少しでも空き時間ができると、本が読みたくなる。

「ヒビコレ 公民館のジョーさん」2

  • かたおかみさお「ヒビコレ 公民館のジョーさん」2(双葉社ジュールコミックス)

つかみどころのない作品、とは一巻でも書いたが、依然、印象派変わらない。読む分には面白いのだが作品のことをこうして書こうとするととても苦労する。

灯と鷹の両親、梅ちゃんの娘とその夫は、それぞれ愛人を作って、子供を置いて出て行ってしまう。高校を卒業して灯も家を出る。両親に捨てられただけでなく、姉にも見捨てられたと思った鷹は、以後引きこもりになるが、15年ぶりに姉が帰ってきて、少しずつ社会との関わりを持つようになる。

二人がまだ小さいころ、灯が鷹に、お母さんはバカだ、と言うと、鷹が「お母さんのことをバカだと言うな」と言って泣き出したことがある。その鷹を見て反省した灯は、以後、人前で誰かのことをバカ呼ばわりするのはやめようと決心する。

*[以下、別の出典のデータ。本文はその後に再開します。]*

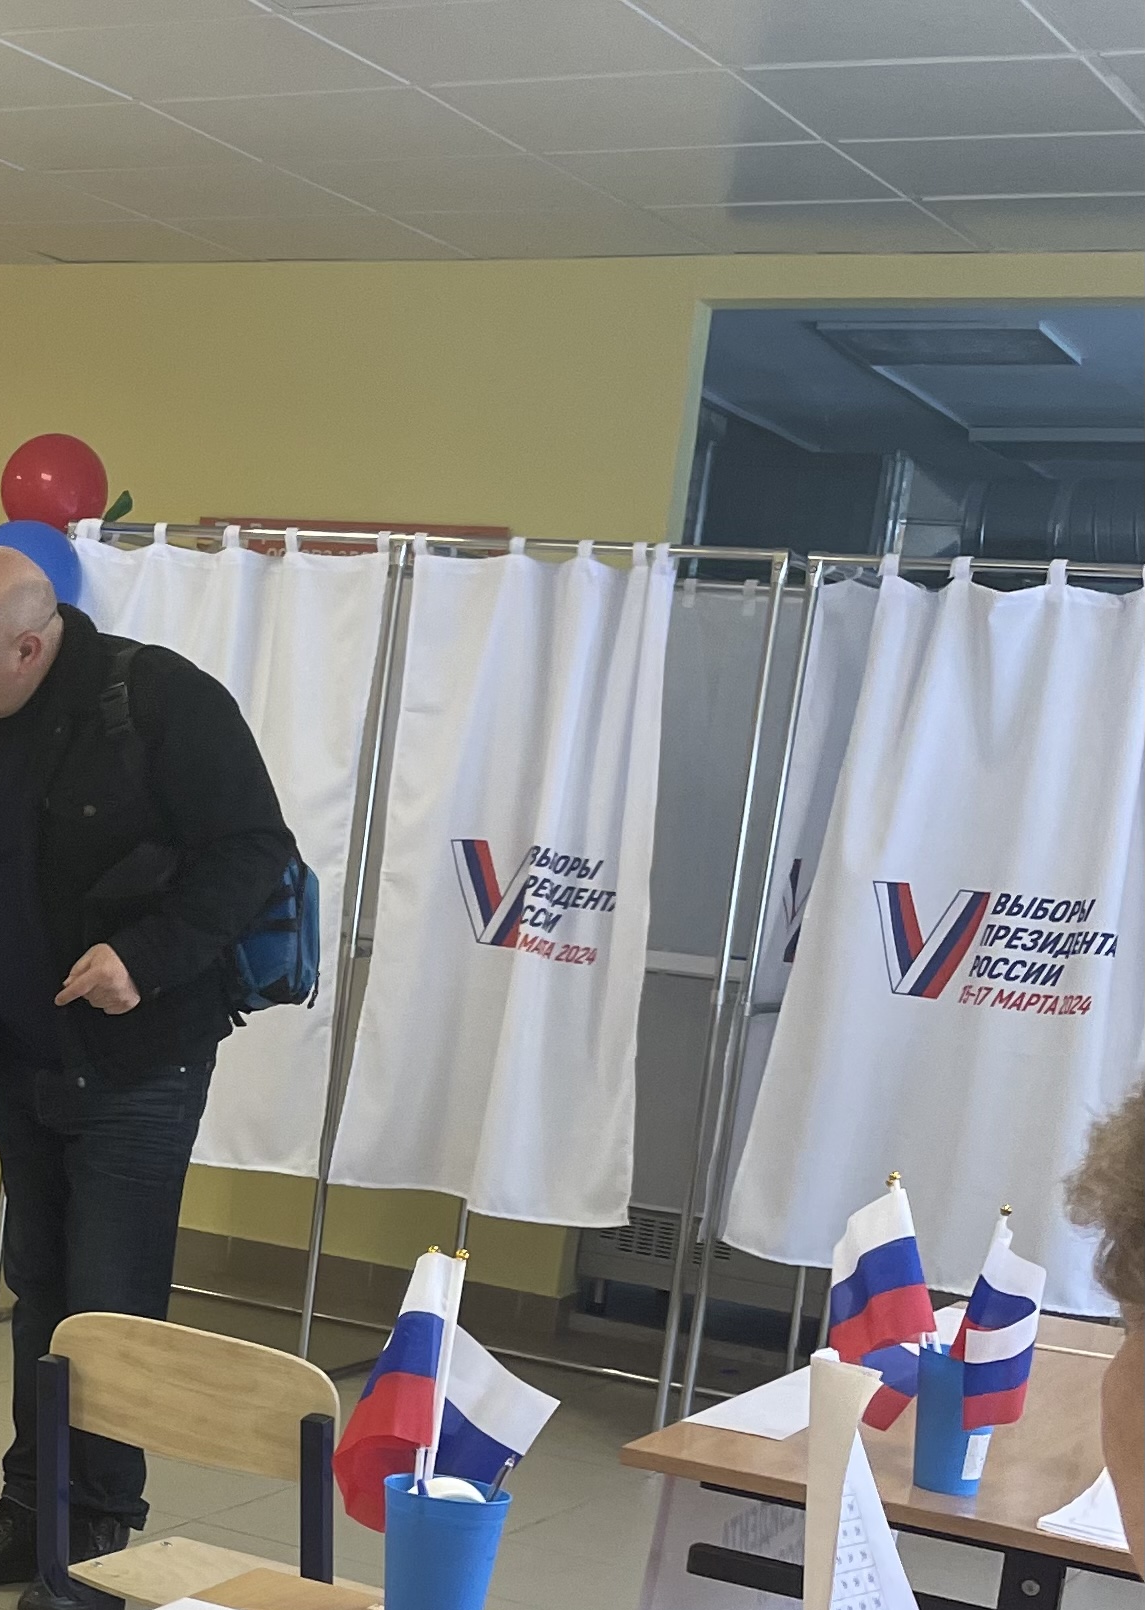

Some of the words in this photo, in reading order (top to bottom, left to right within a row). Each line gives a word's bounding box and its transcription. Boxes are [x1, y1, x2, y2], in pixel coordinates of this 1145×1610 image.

[991, 893, 1097, 923] ВЫБОРЫ
[554, 943, 598, 966] 2024
[979, 924, 1119, 960] ПРЕЗИДЕНТА
[968, 955, 1065, 987] РОССИИ
[989, 988, 1059, 1016] МАРТА
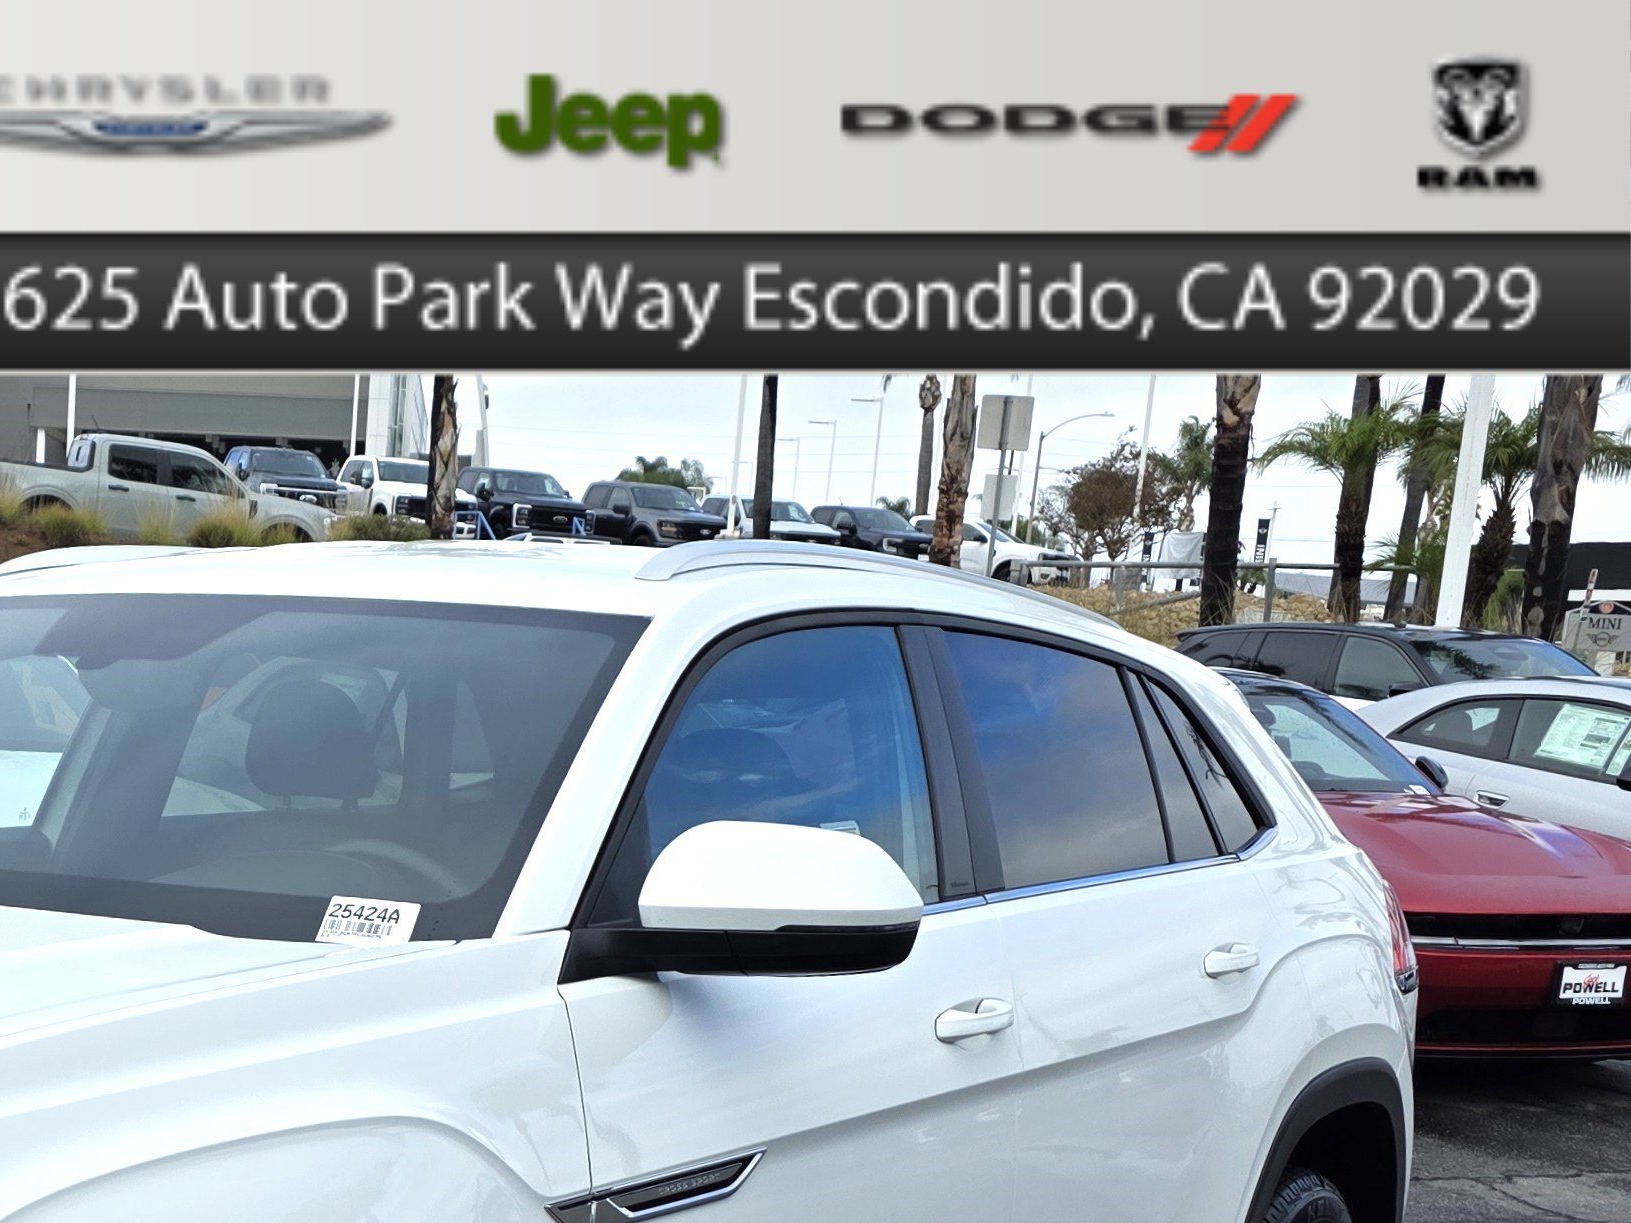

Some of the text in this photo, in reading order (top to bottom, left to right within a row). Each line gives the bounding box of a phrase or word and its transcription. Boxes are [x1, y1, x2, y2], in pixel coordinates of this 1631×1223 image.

[1588, 616, 1623, 630] MINI
[328, 903, 400, 924] 25424A
[1562, 981, 1619, 994] POWELL
[1572, 997, 1611, 1005] POWELL

そしていま、バカなクレームをつけに区民館まできた母親がいたが、灯は「はい」「わかりました」と答える。そして帰宅後、鷹に、「バカなことを」とは言わなかったよ、あんたとのことを忘れたことなかったから、と伝える。が、そのとばっちりで夕食が鯵の予定が急遽ハンバーグになってしまい、鷹が「ずっと口が鯵だったんだぞ、作りたいときは事前に言えバカ」と文句を言うと、灯は「ばーちゃんの前でケンカ売らないだけ大人になったな」と答える……

鷹は、この家で生まれたわけではなく、ある時に連れてこられたようだ。どこからどうして連れてこられたのかはわからない。灯は、急にできた弟を彼女なりに可愛がっていたようだが、いろいろ苦労もあったようだ。それは鷹も同じなのだが……。灯は職場では明るく、またてきぱきと仕事をこなしているが、いろいろ心に問題を抱えているようだ。

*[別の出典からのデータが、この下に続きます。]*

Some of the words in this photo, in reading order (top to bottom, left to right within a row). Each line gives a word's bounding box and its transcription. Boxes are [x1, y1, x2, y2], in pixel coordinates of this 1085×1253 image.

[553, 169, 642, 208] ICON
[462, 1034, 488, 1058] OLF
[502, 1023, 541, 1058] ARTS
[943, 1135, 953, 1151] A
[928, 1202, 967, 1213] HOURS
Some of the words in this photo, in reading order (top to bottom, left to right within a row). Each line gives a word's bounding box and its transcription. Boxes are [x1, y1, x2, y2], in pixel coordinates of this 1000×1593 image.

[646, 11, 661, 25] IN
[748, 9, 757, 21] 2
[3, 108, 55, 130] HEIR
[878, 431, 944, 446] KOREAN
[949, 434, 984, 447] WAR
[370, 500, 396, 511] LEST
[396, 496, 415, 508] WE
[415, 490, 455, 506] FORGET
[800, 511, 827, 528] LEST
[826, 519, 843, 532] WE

灯も鷹も、小さな傷をたくさん負いながら、少しずつ前に向かって進もうとしている。

区民館に卓球を利用しに来たおばさんが、ラケットを借りようとして有料なことに文句をつけるのだが、灯がそれにビシっと言い返すのは爽快感があった。その利用料でゴムを張り替えたりする維持費を捻出しているのだからご協力くださいと。